Last week, writer Melanie Thernstrom shared the tale of her difficult (and unconventional) road to motherhood with The New York Times, in a personal essay that tugged at the heart strings. There were countless rounds of failed IVF treatments, months spent researching adoption, and plenty of self-doubt and guilty feelings over the fact that her husband hadn’t married someone younger – someone more "fertile." At 41, it seemed her hopes of having her own babies naturally – and her dream of having twins -- were dashed. So Melanie and her husband, Michael, decided to do something others would later say was crazy: In an effort to have kids as "naturally" as possible, and get twins out of the deal, they implanted two different fertilized eggs into two different surrogates at the same time -- thus creating "twiblings" born five days apart.
Ah, twiblings... Let the controversy begin!
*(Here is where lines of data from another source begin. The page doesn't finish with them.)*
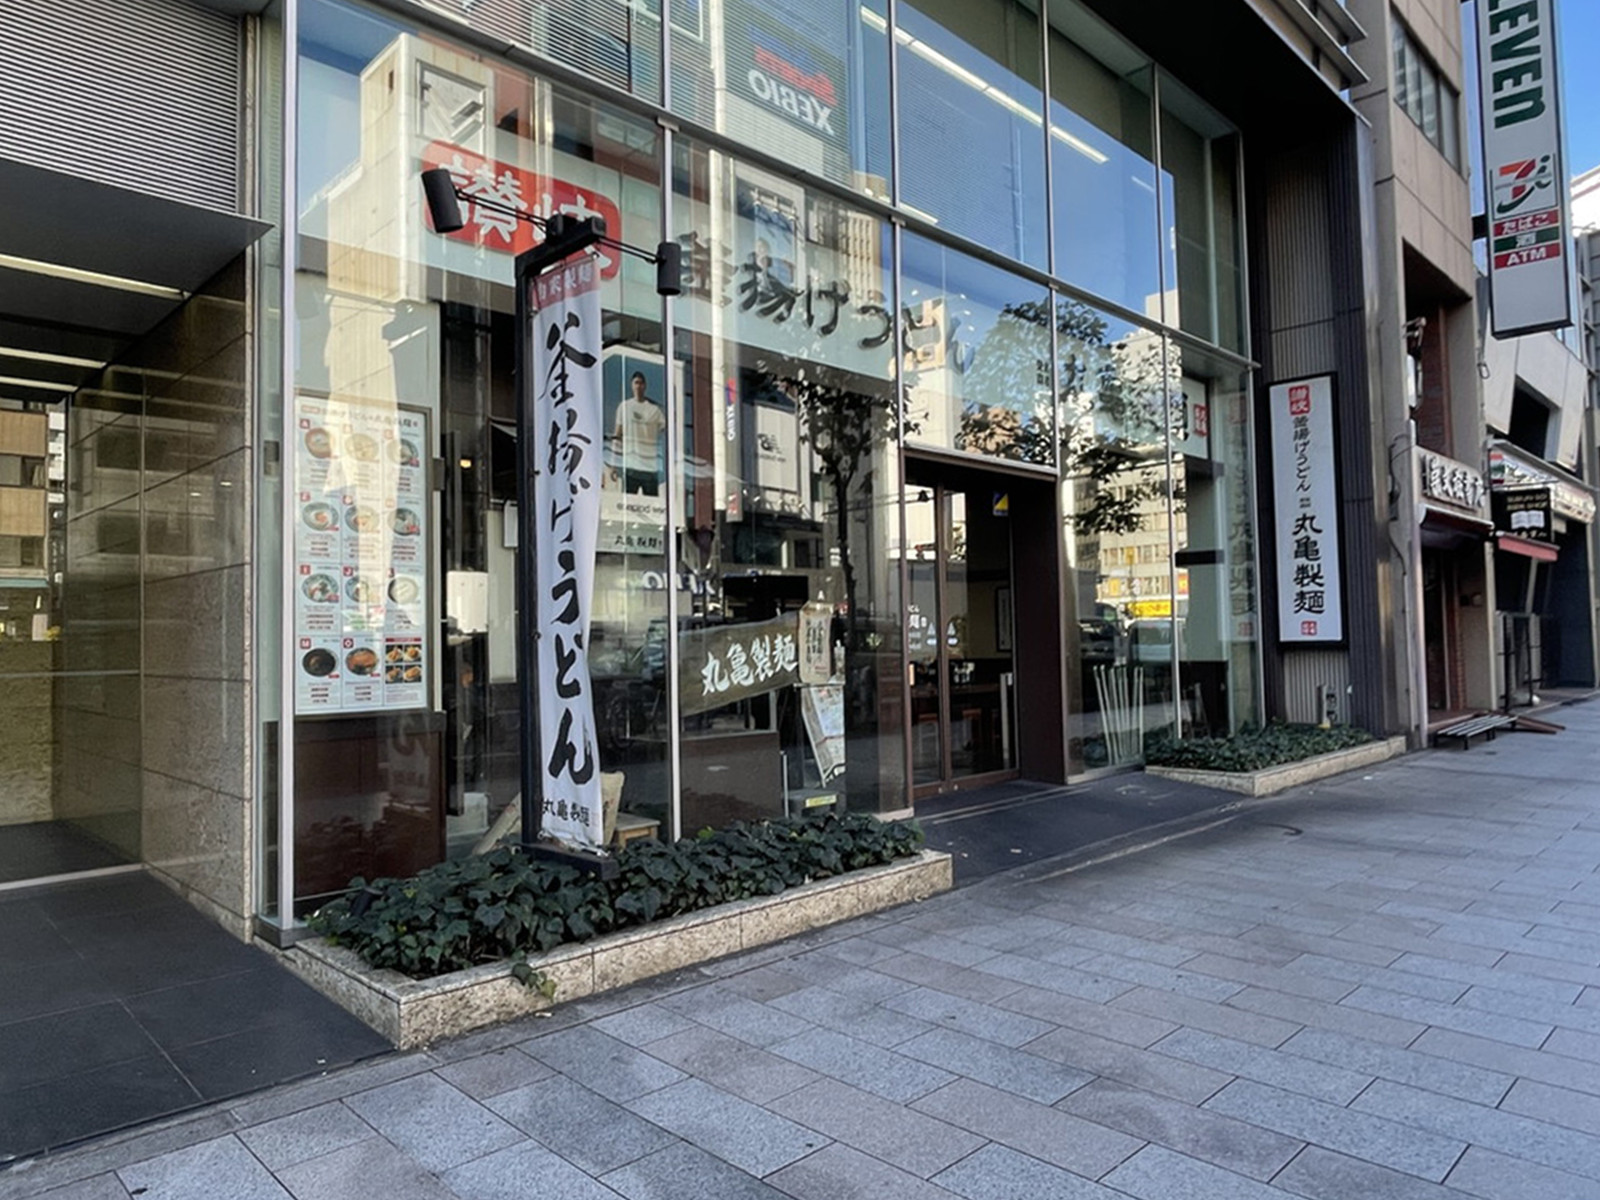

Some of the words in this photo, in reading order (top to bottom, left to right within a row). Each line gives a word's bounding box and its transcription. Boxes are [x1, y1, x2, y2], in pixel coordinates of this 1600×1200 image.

[1502, 213, 1550, 235] たばこ
[1507, 246, 1548, 266] ATM
[1292, 512, 1326, 615] 丸亀製麺
[701, 633, 799, 696] 丸亀製麺
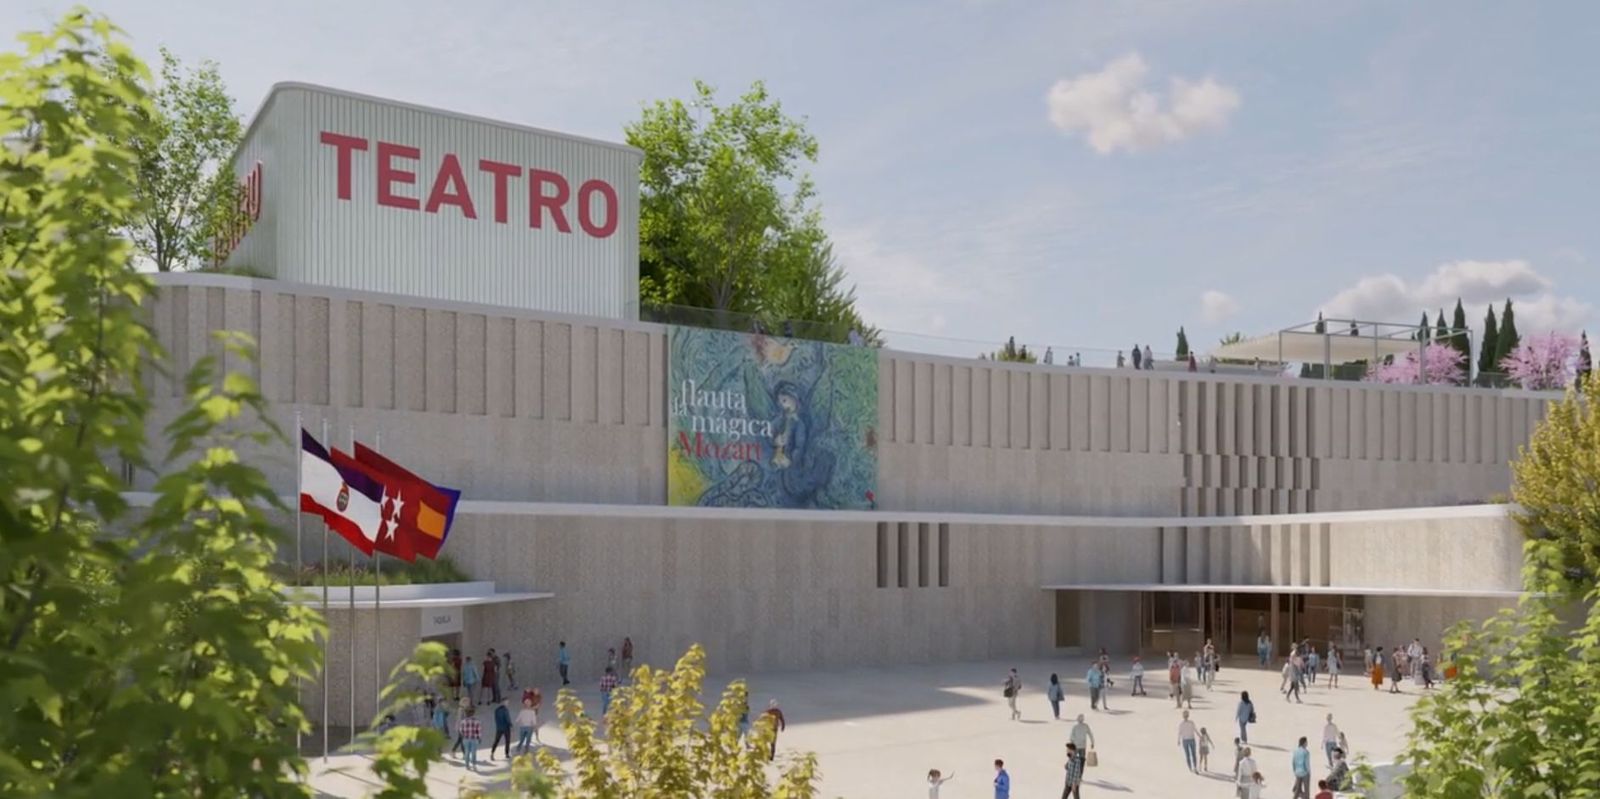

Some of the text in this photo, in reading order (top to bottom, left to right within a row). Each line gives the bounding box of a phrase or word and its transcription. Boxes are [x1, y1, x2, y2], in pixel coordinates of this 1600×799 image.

[320, 131, 618, 238] TEATRO
[682, 379, 747, 414] flauta
[692, 410, 773, 441] mágica
[678, 432, 762, 462] Mozart
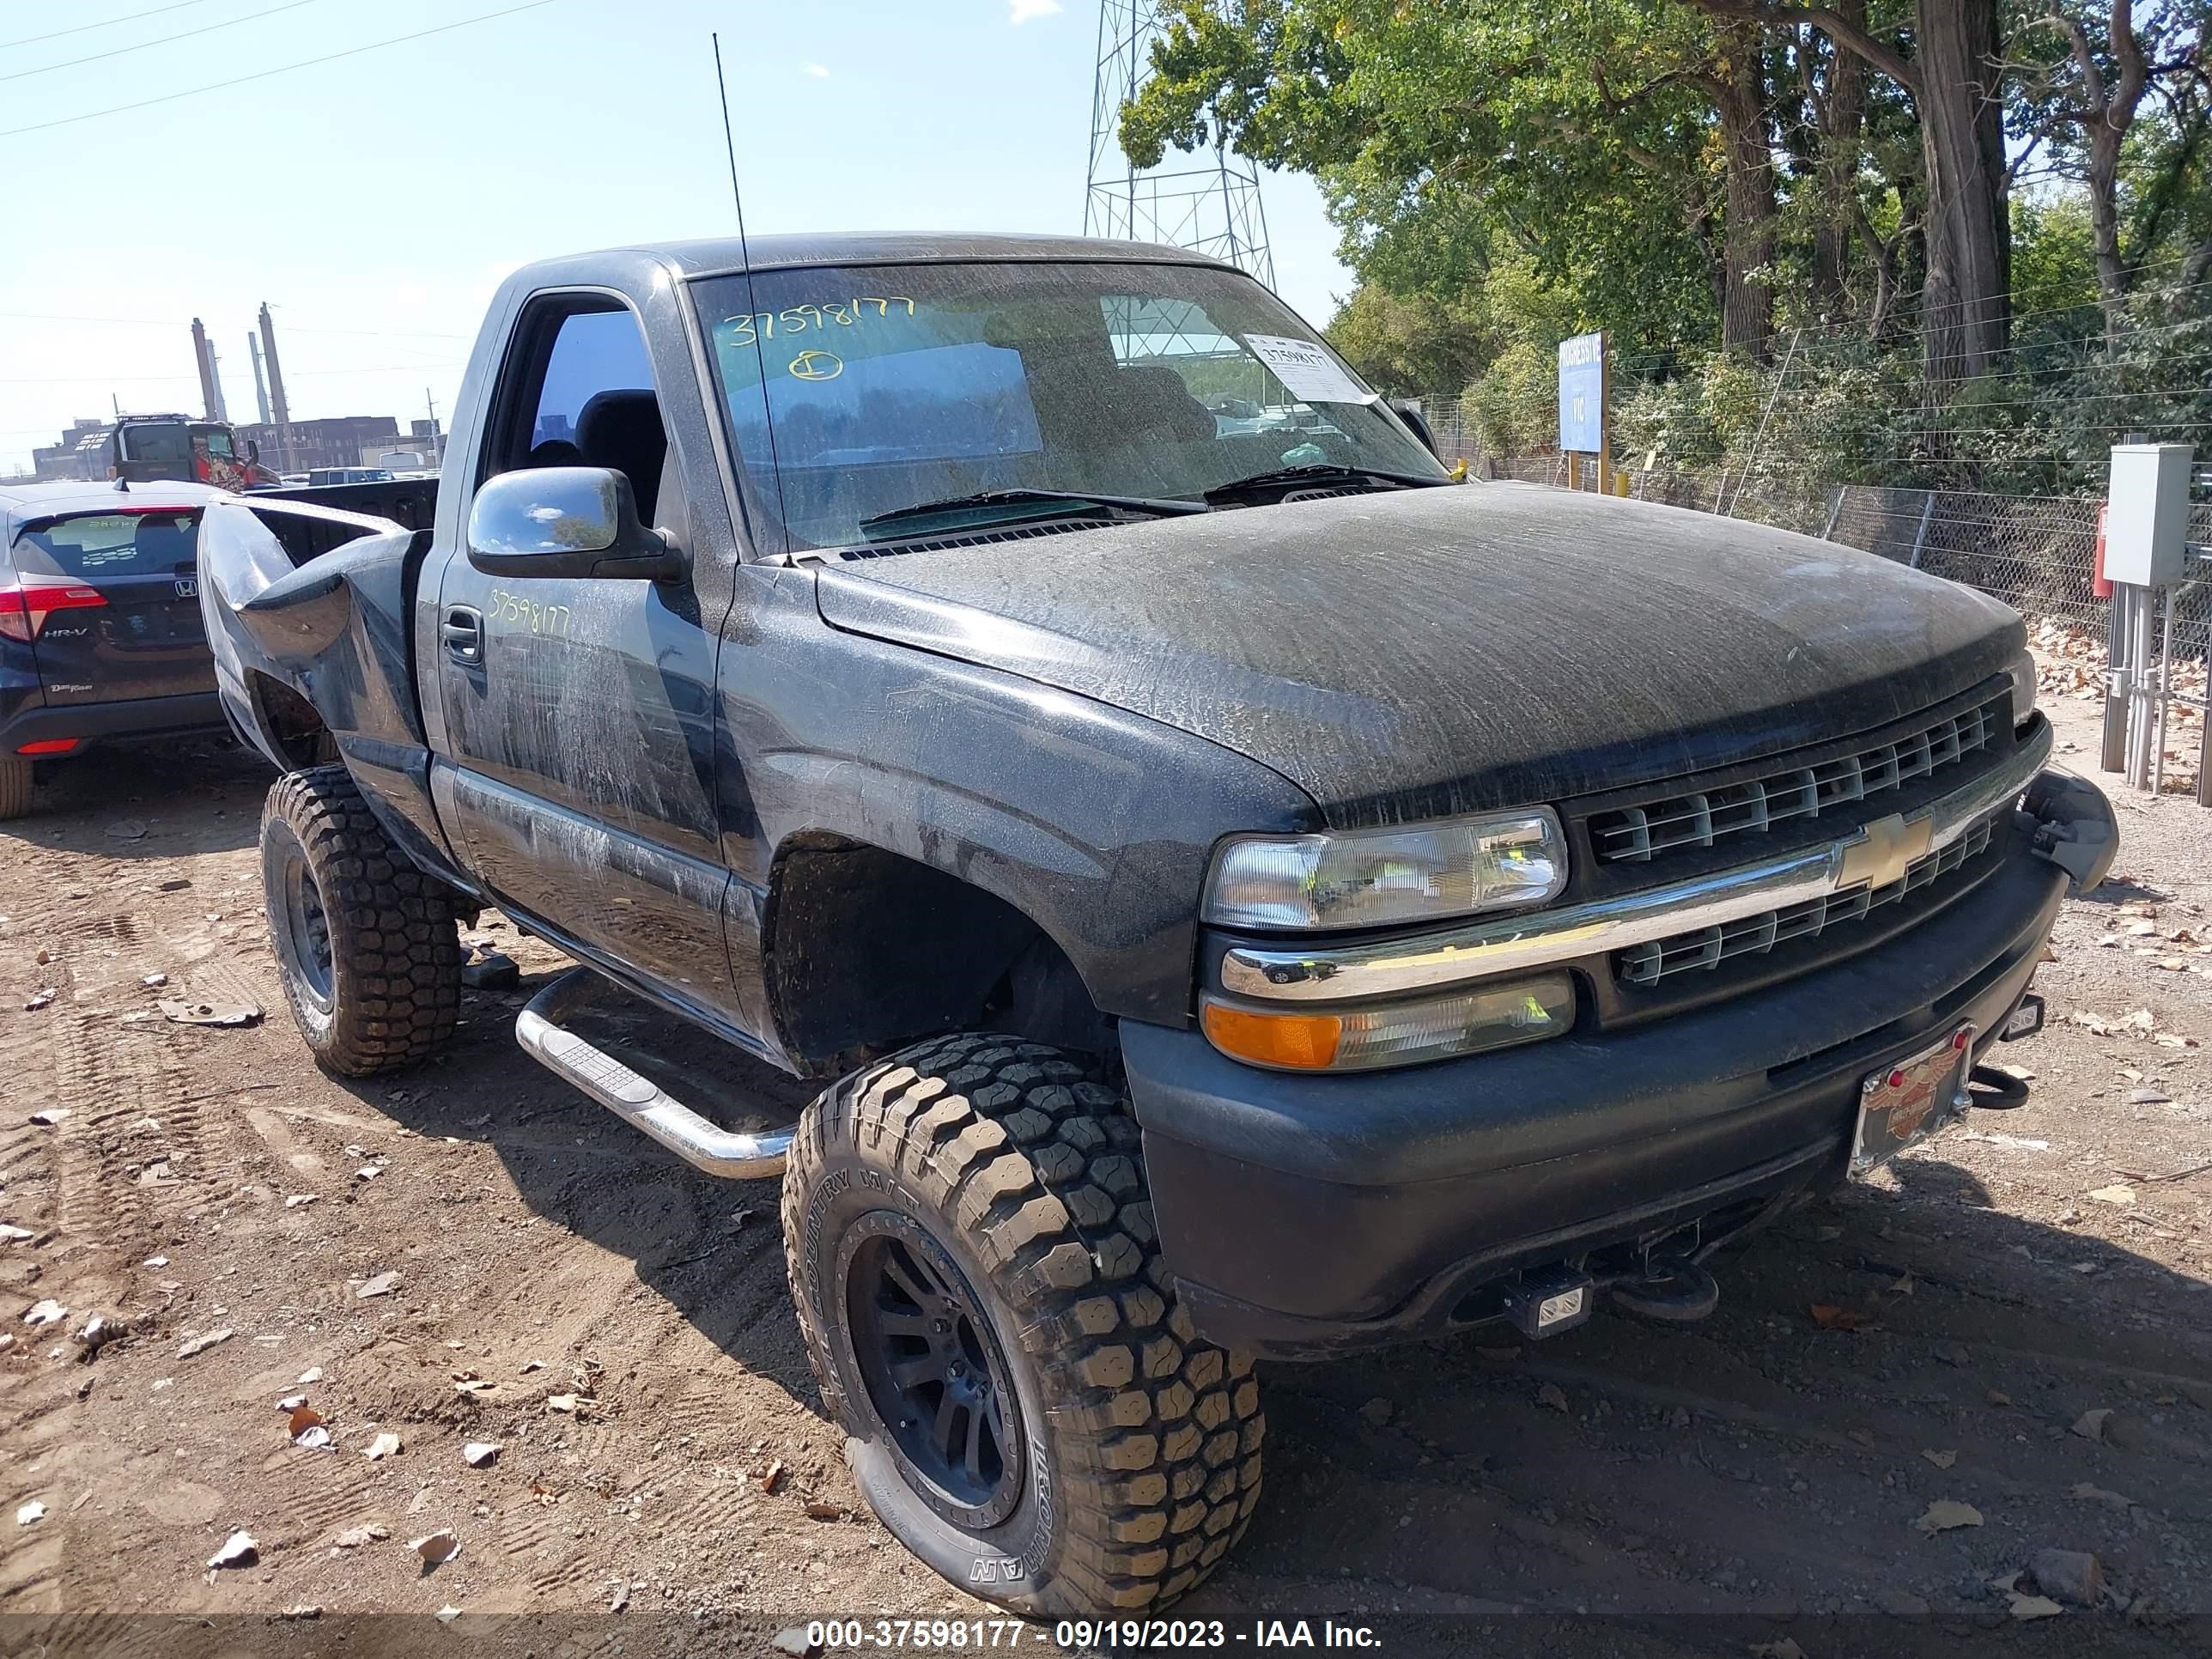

Blogs were immediately buzzing about the Thernstroms's story: Is it okay to go to such lengths to ensure you have twins? Were they playing with nature a little too much? One Today show blogger openly declared how much the story weirded her "Irish-Catholic" self out – and was promptly bashed by commenters. The fact is, most of us don’t find the concept of twiblings "wrong" at all. In a recent poll of Bumpies, 32% of moms said it was no big deal, while 48% responded "to each his own." (Just 19% said they thought it was a little weird.)
The fact is, science is playing an increasingly larger role in helping us take charge of our own fate, and when it comes to conception, most of us are reaching a point where we can look beyond what we think is and isn’t "normal." Point in case: Just last week, the third baby of a set of triplets was born 11 years after her sisters, after a couple who had frozen fertilized embryos over a decade ago decided to go for baby #3 by using a frozen embryo from the same treatment. Another couple waited 20 years in between implanting embryos from the same treatment, thereby creating a "twin" two decades after the first one was born.
Where do you draw the line (if anywhere) when it comes to using modern science to manipulate fertility?